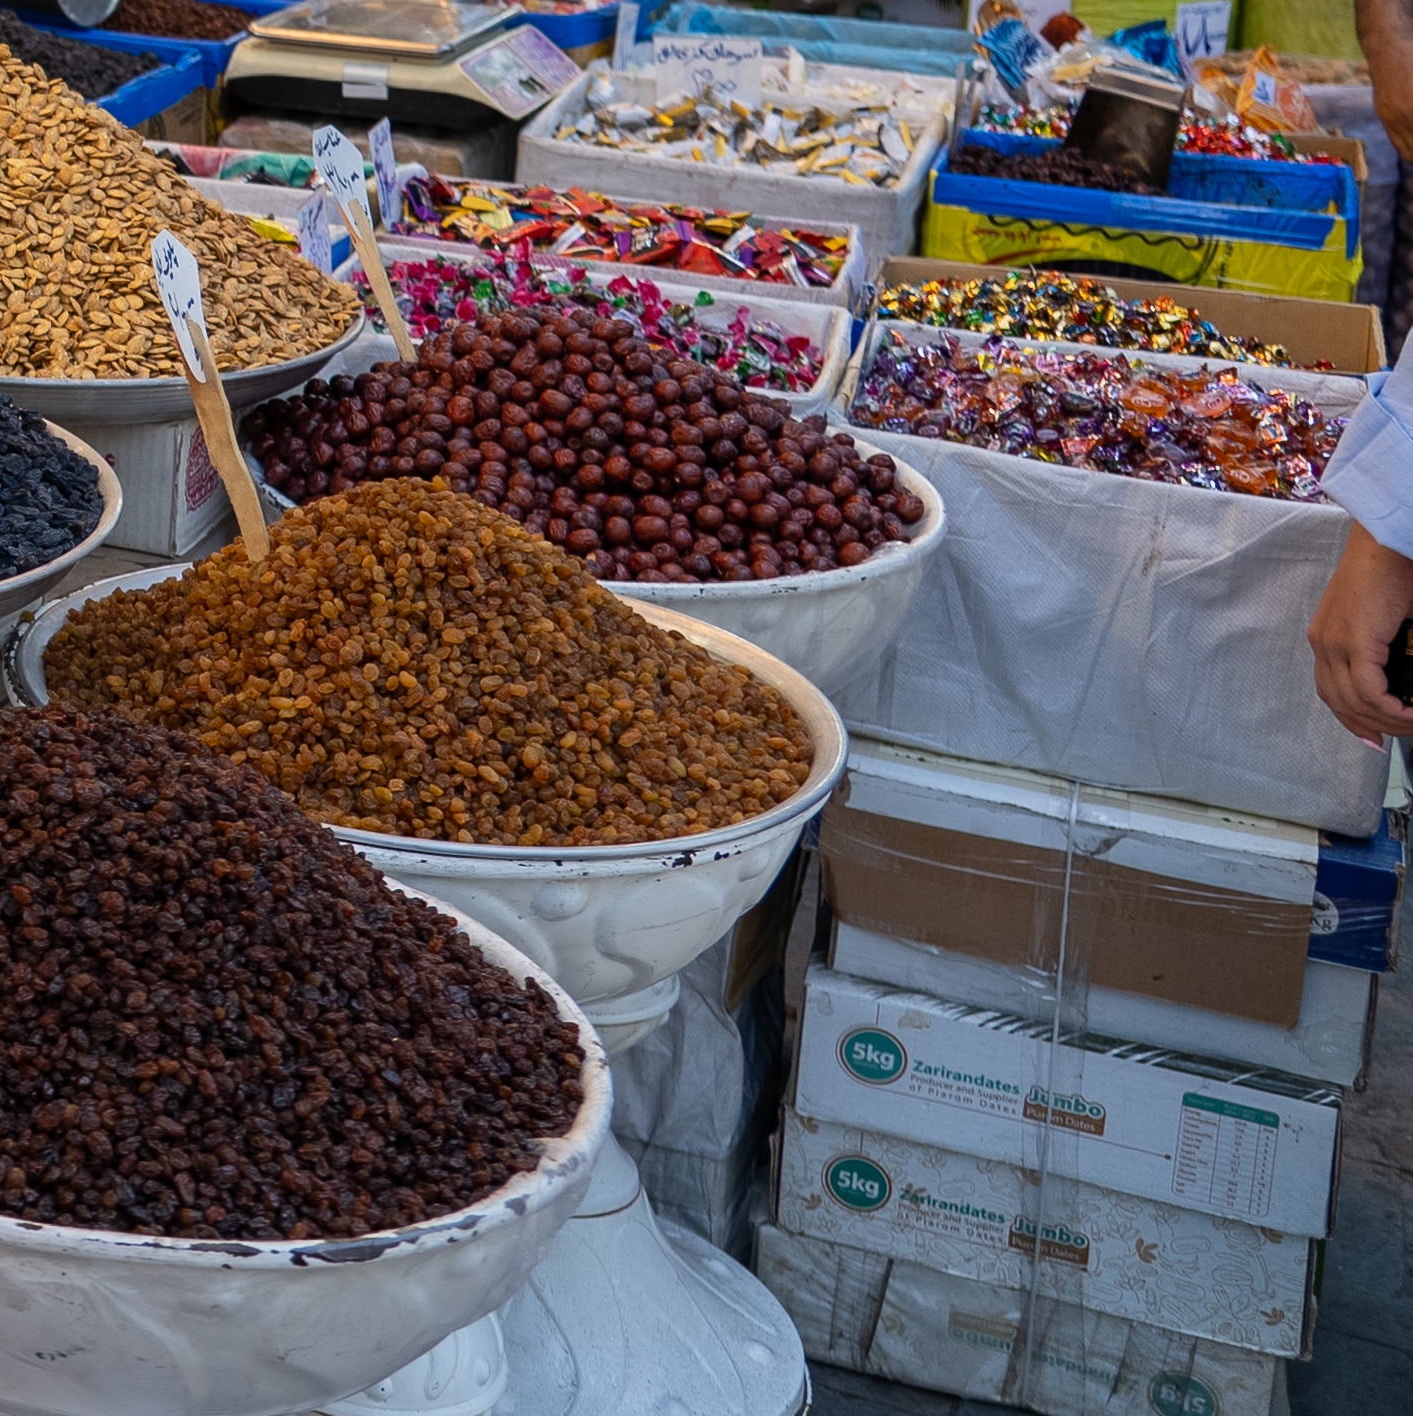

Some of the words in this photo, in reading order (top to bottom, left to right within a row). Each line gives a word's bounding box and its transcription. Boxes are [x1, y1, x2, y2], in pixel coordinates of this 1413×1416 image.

[852, 1041, 895, 1071] 5kg
[913, 1060, 1021, 1096] Zarirandates
[956, 1084, 975, 1096] and
[977, 1088, 1018, 1106] Supplier
[979, 1099, 1017, 1115] Dates
[1028, 1086, 1103, 1118] Jumbo
[1065, 1115, 1095, 1132] Dates
[837, 1170, 879, 1199] 5kg
[1014, 1215, 1086, 1247] Jumbo

[Exercise details] Copy the listing above exactly, minus the pictures.

[Problem solution]
Some of the words in this photo, in reading order (top to bottom, left to right within a row). Each line gives a word's bounding box and its transcription. Boxes are [x1, y1, x2, y2], in pixel coordinates of this 1413×1416 image.

[852, 1041, 895, 1071] 5kg
[913, 1060, 1021, 1096] Zarirandates
[956, 1084, 975, 1096] and
[977, 1088, 1018, 1106] Supplier
[979, 1099, 1017, 1115] Dates
[1028, 1086, 1103, 1118] Jumbo
[1065, 1115, 1095, 1132] Dates
[837, 1170, 879, 1199] 5kg
[1014, 1215, 1086, 1247] Jumbo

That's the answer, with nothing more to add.